WORK TASK: Copy each line from the records below in which the word "Shower" is found.

PROVIDED ENTRIES:
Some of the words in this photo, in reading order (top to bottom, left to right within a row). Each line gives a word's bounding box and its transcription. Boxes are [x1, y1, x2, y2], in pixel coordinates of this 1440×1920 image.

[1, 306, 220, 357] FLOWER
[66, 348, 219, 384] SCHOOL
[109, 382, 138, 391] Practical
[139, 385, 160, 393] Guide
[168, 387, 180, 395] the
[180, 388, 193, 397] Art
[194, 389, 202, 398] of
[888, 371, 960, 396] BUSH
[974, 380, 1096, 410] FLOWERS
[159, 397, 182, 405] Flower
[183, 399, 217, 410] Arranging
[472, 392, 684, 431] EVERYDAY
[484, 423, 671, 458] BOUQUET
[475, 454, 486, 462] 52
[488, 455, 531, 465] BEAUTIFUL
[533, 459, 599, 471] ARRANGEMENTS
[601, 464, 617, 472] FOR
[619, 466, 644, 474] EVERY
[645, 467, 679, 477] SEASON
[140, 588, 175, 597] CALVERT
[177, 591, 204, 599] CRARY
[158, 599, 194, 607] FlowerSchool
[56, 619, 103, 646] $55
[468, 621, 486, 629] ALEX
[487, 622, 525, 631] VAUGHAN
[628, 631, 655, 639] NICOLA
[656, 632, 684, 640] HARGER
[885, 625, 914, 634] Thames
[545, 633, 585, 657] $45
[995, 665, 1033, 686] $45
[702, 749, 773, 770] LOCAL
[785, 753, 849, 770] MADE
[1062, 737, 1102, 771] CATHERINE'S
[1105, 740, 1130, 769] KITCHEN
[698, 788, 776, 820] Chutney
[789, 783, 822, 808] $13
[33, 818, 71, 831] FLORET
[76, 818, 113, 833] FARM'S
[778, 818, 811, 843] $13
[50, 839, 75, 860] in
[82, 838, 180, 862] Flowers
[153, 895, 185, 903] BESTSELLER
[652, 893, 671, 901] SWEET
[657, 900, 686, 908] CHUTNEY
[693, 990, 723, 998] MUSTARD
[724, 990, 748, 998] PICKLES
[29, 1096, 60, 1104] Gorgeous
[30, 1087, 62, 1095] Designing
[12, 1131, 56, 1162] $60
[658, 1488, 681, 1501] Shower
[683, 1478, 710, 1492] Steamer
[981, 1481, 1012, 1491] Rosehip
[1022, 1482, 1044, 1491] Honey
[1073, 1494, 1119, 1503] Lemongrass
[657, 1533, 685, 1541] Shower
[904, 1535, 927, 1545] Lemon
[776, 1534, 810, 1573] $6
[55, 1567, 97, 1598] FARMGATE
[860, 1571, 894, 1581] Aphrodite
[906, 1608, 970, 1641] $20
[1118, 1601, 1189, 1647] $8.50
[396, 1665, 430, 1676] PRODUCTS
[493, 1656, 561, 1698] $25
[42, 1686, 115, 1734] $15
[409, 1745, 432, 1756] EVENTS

RESULT OF THIS TASK:
[658, 1488, 681, 1501] Shower
[657, 1533, 685, 1541] Shower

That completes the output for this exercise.